One documented clinical failure (Phase 1 or 2) overlaps with the claimed mechanism.

Abstract excerpt

Malignant pleural mesothelioma (MPM) is a rare malignancy characterised by extensive structural genomic alterations and a low burden of recurrent single nucleotide variants. However, the full spectrum and functional impact of structural variation (SVs) remain incompletely understood because short-read sequencing has limitation ability to resolve complex genomic rearrangements. Here, we performed integrated short-read and long-read whole-genome sequencing on tumour-normal pairs from three MPM patients, together with RNA sequencing and nanopore-derived promoter methylation profiling. Long-reads sequencing substantially improved SV detection, identifying 61-156 novel SVs per sample, including complex rearrangements and breakpoint-resolved events affecting cancer-associated genes. Complex SV clusters consistent with chromoplexy and chromothripsis were observed and frequently involved oncogenes. Integration with transcriptomics data showed that several SVs-affected genes, including WEE1 and GPC6, exhibited increased expression independent of gene dosage.
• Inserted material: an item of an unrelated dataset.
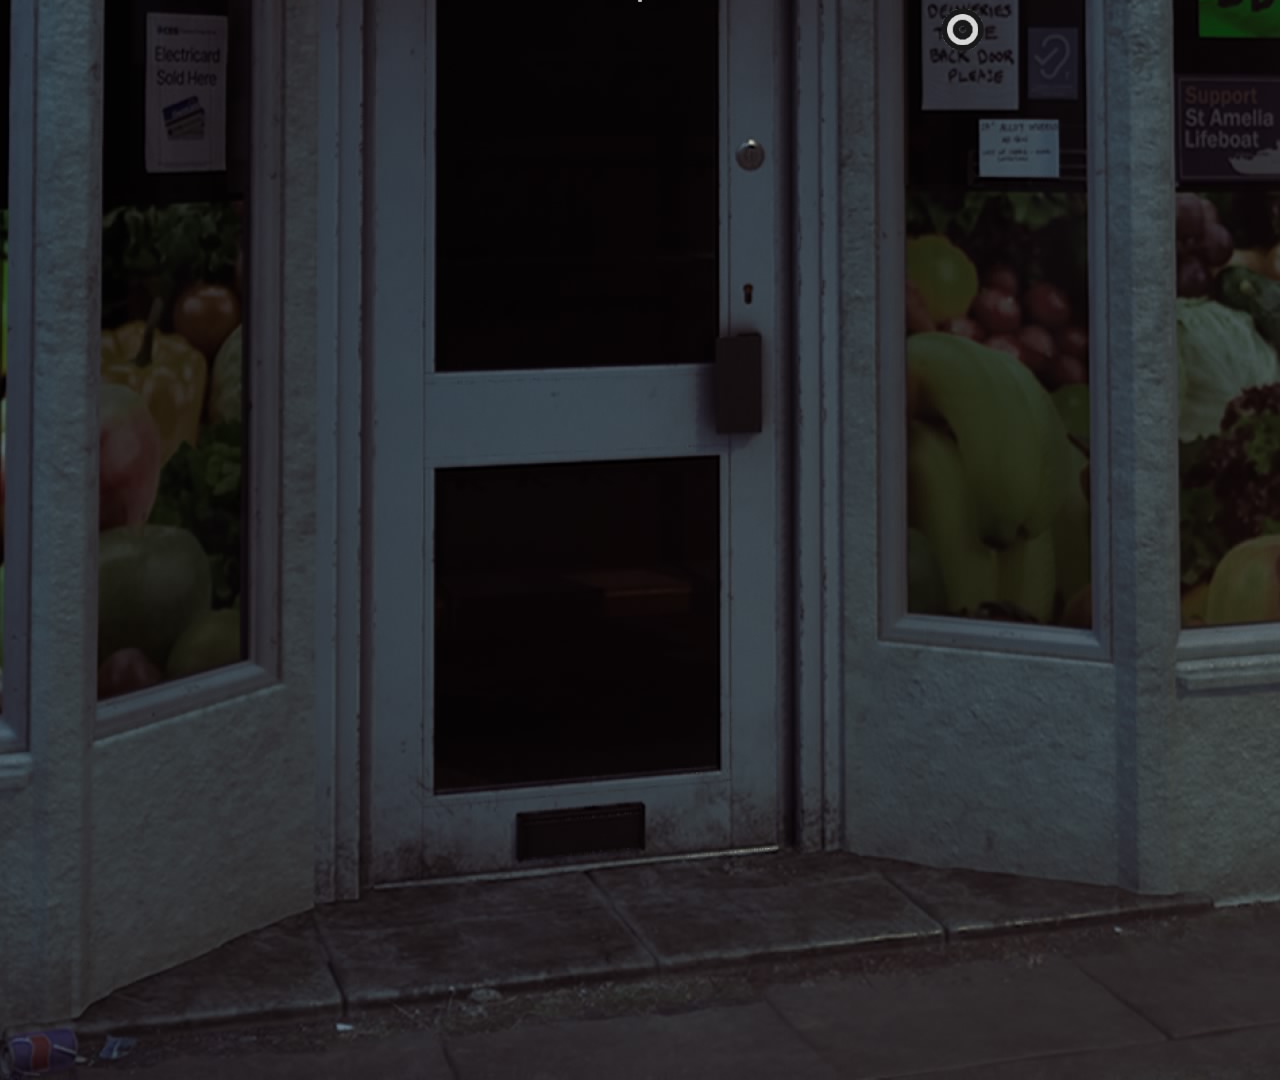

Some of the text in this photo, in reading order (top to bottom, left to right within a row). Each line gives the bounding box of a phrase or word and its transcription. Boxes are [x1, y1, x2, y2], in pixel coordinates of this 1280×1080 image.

Promoter methylation analysis revealed a conserved bimodal methylation landscape across tumours and a significant inverse relationship with gene expression. SV-associated genes showed coordinated promoter hypermethylation and transcriptional activation, suggesting that SVs may influence gene regulation through epigenetic mechanisms. Survival analysis using the TCGA-MESO cohort further showed that elevated expression of WEE1 and GPC6 was associated with poorer overall survival. Together, these findings highlight the value of long-read sequencing for uncovering functionally and clinically relevant structural variation in MPM.